When Robert Plant walked away from the group after the O2 show, Page, John Paul Jones and Jason Bonham continued to rehearse together in England, even auditioning singers for a possible Plant-free tour. Most names have remained secret, but Steven Tyler and Alter Bridge frontman Myles Kennedy have both admitted to spending a few days playing with the group.
“Singers were being thrown at us from here and there,” says Page. “The material we were coming up with was really, really good. Obviously, other people wanted to just get us out on the road quickly. I wasn’t feeling comfortable. Going out with the three members from the 02 show and another singer might have looked like trying to jam a square peg into a round hole. I wanted to see what we could come up with musically.”
Tour plans were put on hold and Page, Jones and Bonham continued to hold secret rehearsal sessions through 2008. They only stopped when John Paul Jones got an offer from Dave Grohl and Josh Homme to play bass in their new supergroup Them Crooked Vultures, which he eagerly accepted. “I guess,” says Page, “that was a pretty definitive statement.”
Jones (who wouldn’t comment for this article) made no secret about his deep disappointment with Page and Plant in the years after the break-up. He initially wasn’t even invited to their reunion at 1985’s Live Aid, getting phoned up only the day before and forced to play keyboards on “Stairway To Heaven” while Plant’s touring bassist handled his parts. He didn’t even get the courtesy of a phone call about the 1994 Page and Plant reunion, hearing about it on TV. At a press conference for the tour, Plant joked that Jones was parking cars out back. When the group was inducted into the Rock and Roll Hall of Fame in 1995, Jones, through gritted teeth, thanked his former bandmates for “finally remembering my phone number.”
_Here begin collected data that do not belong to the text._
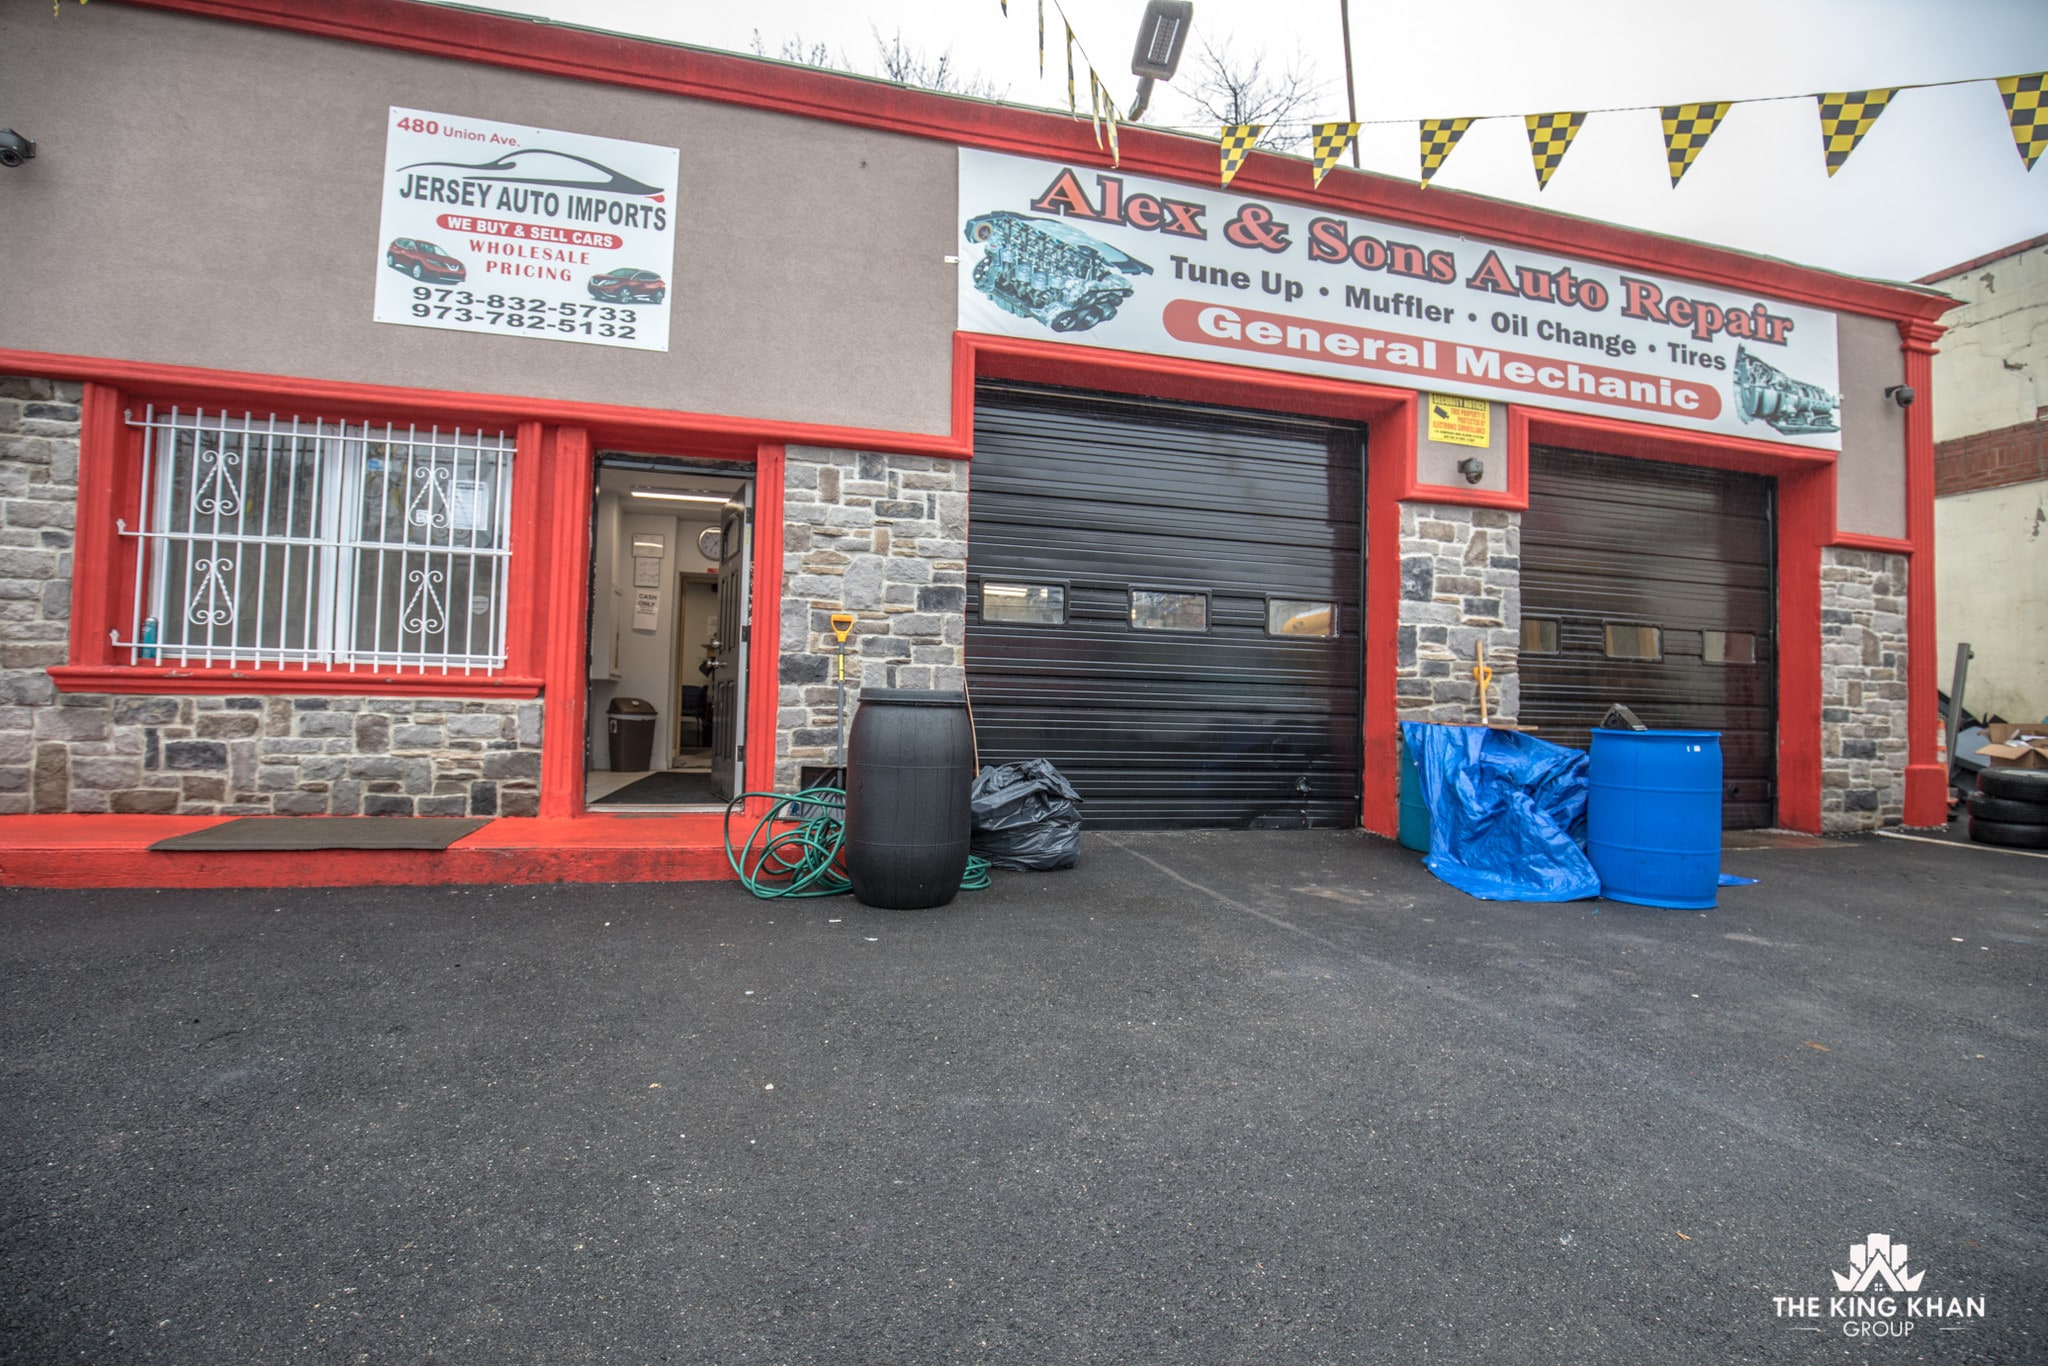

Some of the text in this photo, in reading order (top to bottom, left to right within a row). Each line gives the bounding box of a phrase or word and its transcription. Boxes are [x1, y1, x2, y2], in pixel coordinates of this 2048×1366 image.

[397, 117, 521, 147] 480 Union Ave.
[400, 174, 667, 232] JERSEY AUTO IMPORTS
[447, 216, 613, 247] WE BUY & SELL CARS
[469, 239, 591, 265] WHOLESALE
[1030, 167, 1794, 346] Alex & Sons Auto Repair
[486, 260, 572, 282] PRICING
[411, 303, 636, 339] 973-782-5132
[412, 286, 637, 323] 973-832-5733
[1170, 255, 1727, 371] Tune Up Muffler Oil Change Tires
[1198, 306, 1701, 410] General Mechanic
Them Crooked Vultures toured throughout 2009 and 2010, and Zeppelin didn’t come back together in any incarnation when the tour ended. At this point, any sort of tour — with or without Robert Plant — appears extremely unlikely. “People ask me nearly every day about a possible reunion,” Jimmy Page says with a sigh. “The answer is ‘no.’ It’s been almost seven years since the O2. There’s always a possibility that they can exhume me and put me onstage in a coffin and play a tape.”
That said, Plant refuses to make a Sherman-esque statement forever ruling out the possibility of him fronting Zeppelin again. “I don’t think there’s any reason for me to do that,” he says. “Otherwise we’ve got nothing to be mystic about…Everything will develop as it develops. All doors are open. All phone lines are open. I don’t hear from anybody. Talk is cheap…But I just think everything has to be new. Then you can incorporate history.”
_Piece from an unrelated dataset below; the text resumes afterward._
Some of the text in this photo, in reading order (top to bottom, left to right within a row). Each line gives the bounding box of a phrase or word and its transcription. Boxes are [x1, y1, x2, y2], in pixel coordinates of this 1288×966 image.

Does that mean he’s open to the idea of recording new songs with Zeppelin? “You can’t be the marriage guidance clinic here,” he says, clearly irritated by this line of questioning.
Strangely, he’s among the few people who felt it was a good idea for Zeppelin to carry in without him. “They kept rehearsing after O2 and they had a singer,” Plant says. “I don’t know what happened. It seemed like a great idea to me.”
Plant stands up to leave, but turns on his heel. “Do you know why the Eagles said they’d reunite when ‘hell freezes over,’ but they did it anyway and keep touring?” he asks. “It’s not because they were paid a fortune. It’s not about the money. It’s because they’re bored. I’m not bored.”